We have recently gone "live" with more NFS users "banging" on our FreeBSD-based fileservers. And now something seems to have started triggering kernel panics. Since the they major difference from before is the number of NFS users so this is the major suspect... We just caught a panic and got a screendump from the console and the stack traceback shows: > Fatal trap 12: page fault while in kernel mode > cpuid = 8; apic id = 08 > fault virtual addresa = 0x0 > fault code = supervisor read data, page not present > instruction pointer = 0x20:0xffffffff82b578e9 > stack pointer = 0x20:0xfffffe3fdc627760 > code segment = base rx0, limit 0xfffff, type 0x1b = DPL 0, pres 1, long 1, def32 0, gran 1 > processor eflags = interrupt enabled, resume, IOPL = 0 > current process = 2519 (nfsd: service) > trap number = 12 > panic: page fault > cpuid = 8 > KDB: stack backtrace > #0 0xffffffff80b3d577 at kdb_backtrace+0x67 > #1 0xffffffff80af6b17 at vpanic+0x177 > #2 0xffffffff80af6993 at panic+0x43 > #3 0xffffffff80f77fdf at trap_fatal+0x35f > #4 0xffffffff80f78039 at trap_pfault+0x49 > #5 0xffffffff80f77807 at trap+0x2c7 > #6 0xffffffff80f56fbc at calltrap+0x8 > #7 0xffffffff82b5d4d2 at svc_rpc_gss+0x8f2 > # 8 0xffffffff80d6c1b6 at svc_run_internal+0x726 > #9 0xffffffff80d6cd4b at svc_thread_start+0xb > #10 0xffffffff80aba093 at fork_exit+0x8 > #11 0xffffffff80f48ede at fork_trampoline+0xe (Unfortunately not kernel crash dump from this machine). Systems are: Dell PowerEdge R730xd with 256GB RAM, HBA330 (LSI 3008) SAS controllers, ZFS-storage, Intel X710 10GE-ethernet machines running FreeBSD 11.2. No swap enabled. ZFS ARC capped to 128GB. NFS v4.0 or v4.1 client with sec=krb5:krb5i:krb5p security. Most clients (if not all) are running Linux CentOS or Ubuntu). Around 200 active clients per server. (Most clients are Windows users using SMB via Samba though) We have enabled a crash dump device one a couple of the machines and are going to enable it on more in order to try to get a crash-dump when the next server panics... Any ideas where this bug might be or how we could workaround it? (Disabling NFS is unfortunately not an option).

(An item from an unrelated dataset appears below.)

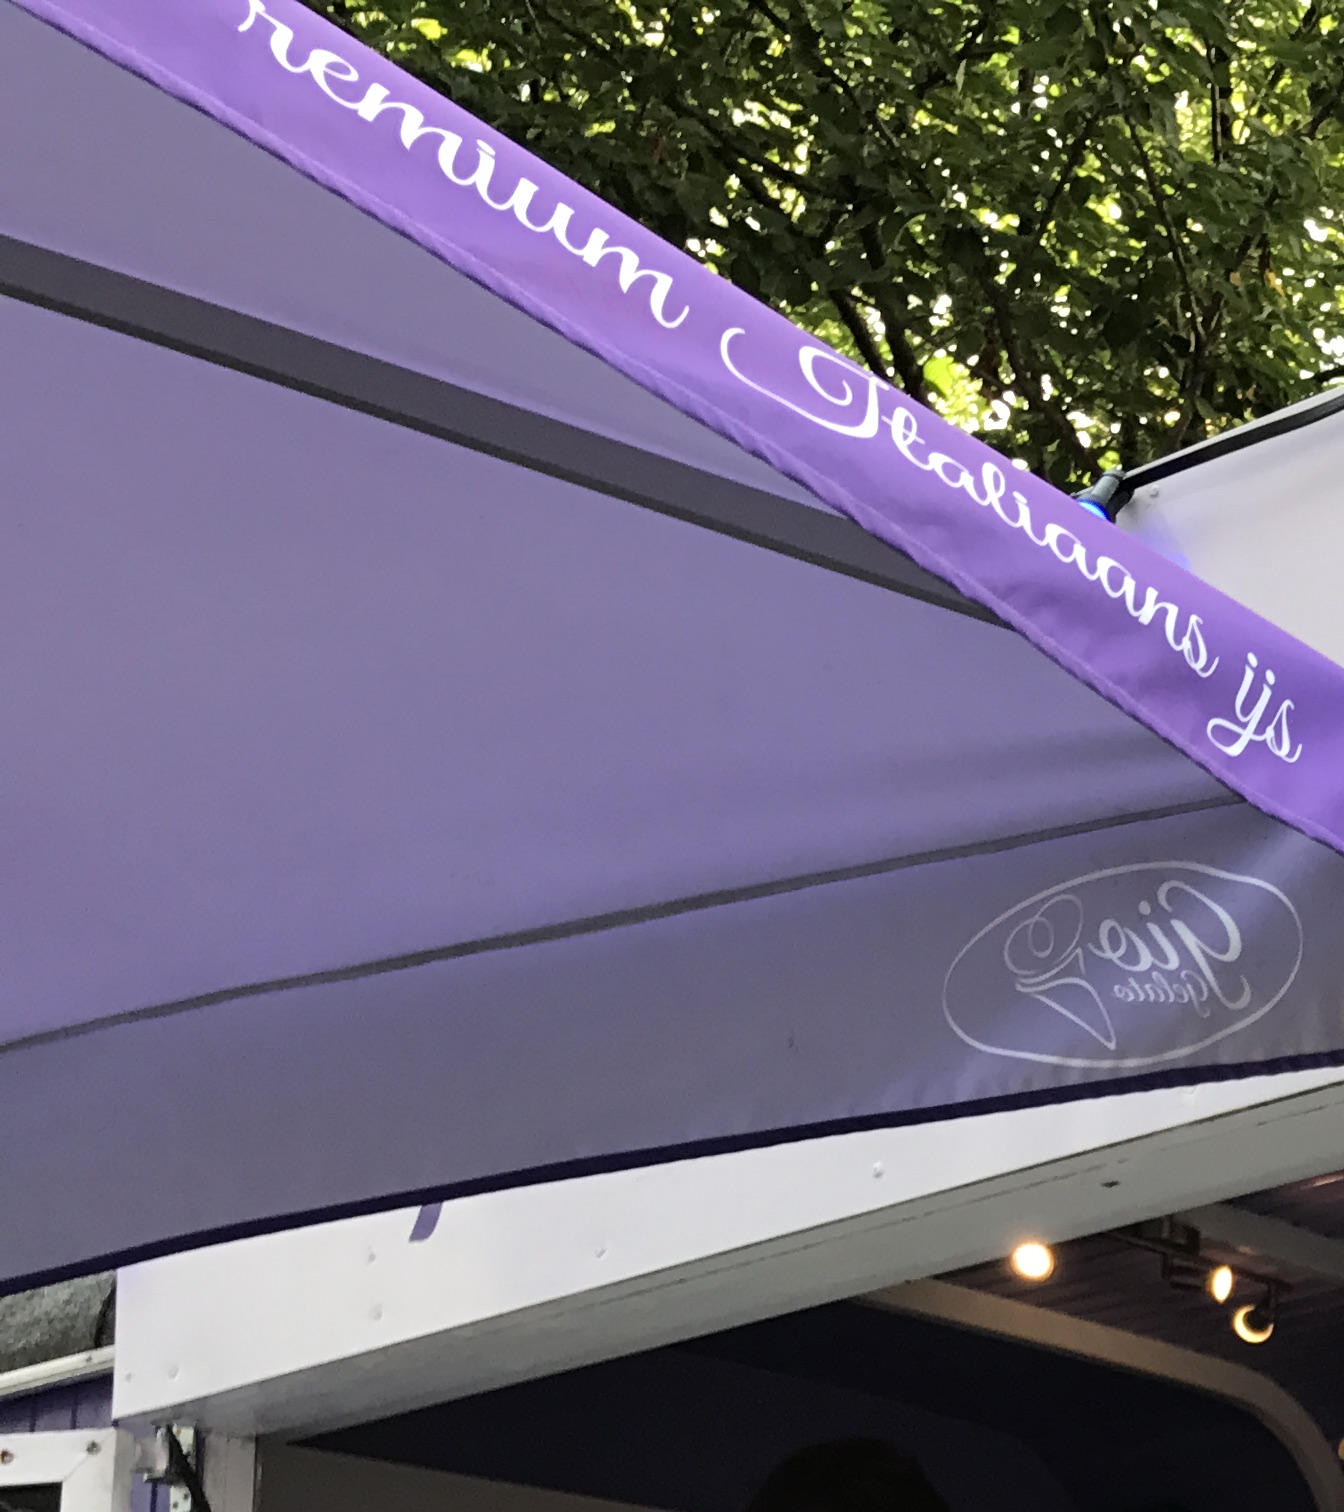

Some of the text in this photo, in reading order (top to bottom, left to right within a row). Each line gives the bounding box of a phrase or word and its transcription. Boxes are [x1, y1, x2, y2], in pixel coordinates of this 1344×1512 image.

[237, 0, 1303, 763] remium Italiaans ijs

Well, if you can somehow find out the source line# for #7 0xffffffff82b5d4d2 at svc_rpc_gss+0x8f2 then I can take a look. It is pretty obviously a use of a NULL ptr, but without the source line#, it's pretty hard to guess what it is. rick
This is a huge wild chance, but I was looking at the assembler code for the svc_rpc_gss function at around the offset (0x8f2 = 2290) and it looks like this: 0xffffffff8286d4bc <svc_rpc_gss+2268>: callq 0xffffffff8286bc50 <rpc_gss_oid_to_mech> 0xffffffff8286d4c1 <svc_rpc_gss+2273>: mov 0x78(%r14),%rsi 0xffffffff8286d4c5 <svc_rpc_gss+2277>: lea -0x38(%rbp),%rdi 0xffffffff8286d4c9 <svc_rpc_gss+2281>: lea -0x70(%rbp),%rdx 0xffffffff8286d4cd <svc_rpc_gss+2285>: callq 0xffffffff828678b0 <gss_export_name> 0xffffffff8286d4d2 <svc_rpc_gss+2290>: test %eax,%eax 0xffffffff8286d4d4 <svc_rpc_gss+2292>: je 0xffffffff8286d932 <svc_rpc_gss+3410> Looking at the source code in the svc_rpcsec_gss.c file this _might_ correspond to code in svc_rpc_gss_accept_sec_context() at around line 941: client->cl_rawcred.version = RPCSEC_GSS_VERSION; rpc_gss_oid_to_mech(mech, &client->cl_rawcred.mechanism); maj_stat = gss_export_name(&min_stat, client->cl_cname, &export_name); if (maj_stat != GSS_S_COMPLETE) { rpc_gss_log_status("gss_export_name", client->cl_mech, maj_stat, min_stat); return (FALSE); } client->cl_rawcred.client_principal = mem_alloc(sizeof(*client->cl_rawcred.client_principal) + export_name.length); client->cl_rawcred.client_principal->len = export_name.length; memcpy(client->cl_rawcred.client_principal->name, export_name.value, export_name.length);
@Peter, you should be able to use 'l *(svc_rpc_gss+0x8f2)' in kgdb to figure out the line number directly.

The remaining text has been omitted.